Plaintiff further contends, however, that under the Pennsylvania law the mortgagee’s release of a portion of the mortgaged security in the hands of the mortgagee’s grantee does not operate as a complete discharge of the mortgagor, but as a discharge only to the extent that the mortgagor can establish that he has been prejudiced thereby. This contention is not supported by the Pennsylvania authorities. In the leading case of Meigs v. Tunnicliffe, 214 Pa. 495, 63 A. 1019, 112 Am.St.Rep. 769, 6 Ann.Cas. 549, it was held that a showing by a mortgagor that the mortgagee had released a portion of the mortgaged property in the hands of the mortgagee’s grantee, and without the mortgagor’s consent, operated as a complete discharge of the mortgagor from the mortgagee’s debt. No showing by the mortgagor of the extent of the prejudice or injury resulting from the release was required. In Assigned Estate of James Hunter, 257 Pa. 32, at page 35, 101 A. 79, at page 80, the Supreme Court of Pennsylvania said: “Where the mortgagor has parted with his title to the mortgaged premises, a release of a part thereof by the mortgagee, without the knowledge or consent of the mortgagor, will discharge the latter from personal liability for any loss to the mortgagee resulting from a deficiency in the proceeds of a subsequent sale in foreclosure proceedings. Meigs v. Tunnicliffe, 214 Pa. 495, 63 A. 1019, 112 Am.St.Rep. 769, 6 Ann.Cas. 549, see opinion by Mr. Justice Stewart.
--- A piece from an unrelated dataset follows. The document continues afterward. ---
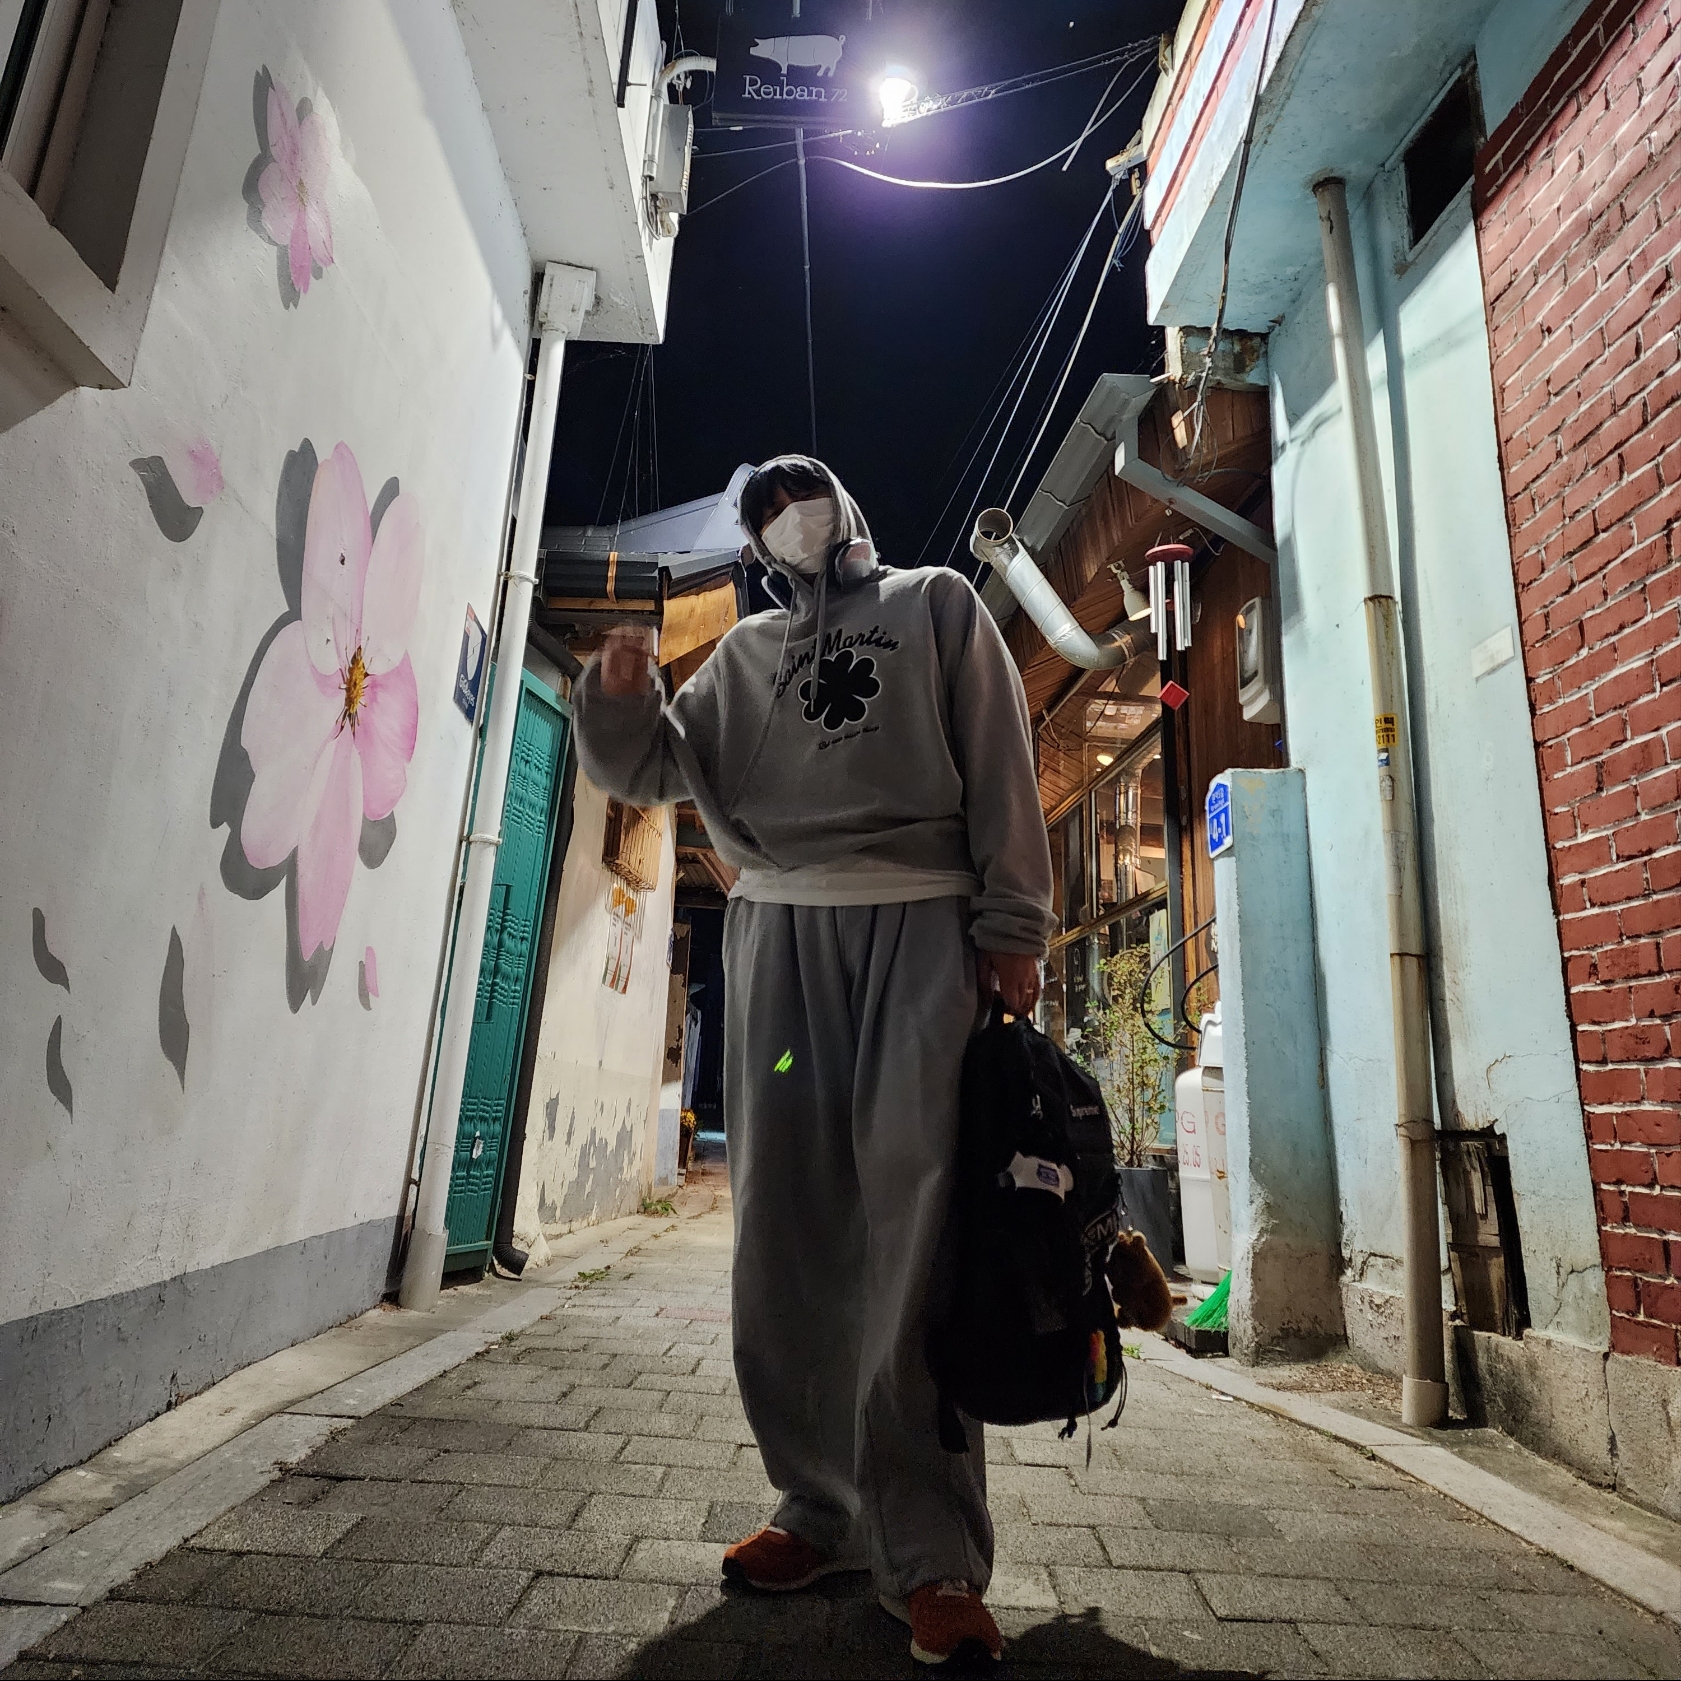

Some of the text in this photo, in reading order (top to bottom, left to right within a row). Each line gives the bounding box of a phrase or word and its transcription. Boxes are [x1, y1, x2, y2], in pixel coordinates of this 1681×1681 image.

By such release the mortgagee assumes the risk of the unreleased portion of the property being of sufficient value to secure his debt.”

It is clear, therefore, that under the Pennsylvania law the mortgagee cannot release a portion of the security from the lien of a mortgage without the consent of the mortgagor, and thrust upon the mortgagor the burden of establishing at some later date the extent to which he was thereby prejudiced. The motion of defendant Lesse to vacate the judgment against him must be granted.

Turning now to the defenses offered by the remaining defendant, there are first presented several grounds upon which he asserts that he has been discharged of all liability to Integrity and to plaintiff as its successor. The first of these is that he was discharged of his liability to Integrity by its failure to file a petition under the Pennsylvania Act of July 16, 1941, P.L. 400, 12 P.S. § 2621.1 et seq., to fix the fair value of the mortgaged property sold at foreclosure under the Kenin mortgage. Section 1 of this Act, 12 Purd.Stat. § 2621.1, provides: “Whenever any real property has heretofore been or is hereafter sold, directly or indirectly, to the plaintiff in execution proceedings and the price for which such property has been sold was or is not sufficient to satisfy the amount of the judgment, interest and costs and the plaintiff seeks to collect the balance due on said judgment, interest and costs, the plaintiff or plaintiffs shall petition the court having jurisdiction to fix the fair market value of the real property sold as aforesaid. Said petition shall be signed and sworn to by the plaintiff or plaintiffs.” Section 7 of the Act, 12 Purd. Stat. § 2621.7, provides: “The plaintiff or plaintiffs shall file all petitions in accordance with section one and section two of this act not later than six months after the sale of any real property: Provided, however, That, if the sale occurred prior to the effective date of this act, the plaintiff shall file such petition within six months after the effective date of this act. In the event no petition is filed within such period, the debtor, obligor, guarantor and *649any other person liable directly or indirectly to the plaintiff or plaintiffs for the payment of the debt shall be released and discharged of such liability to the plaintiff or plaintiffs.”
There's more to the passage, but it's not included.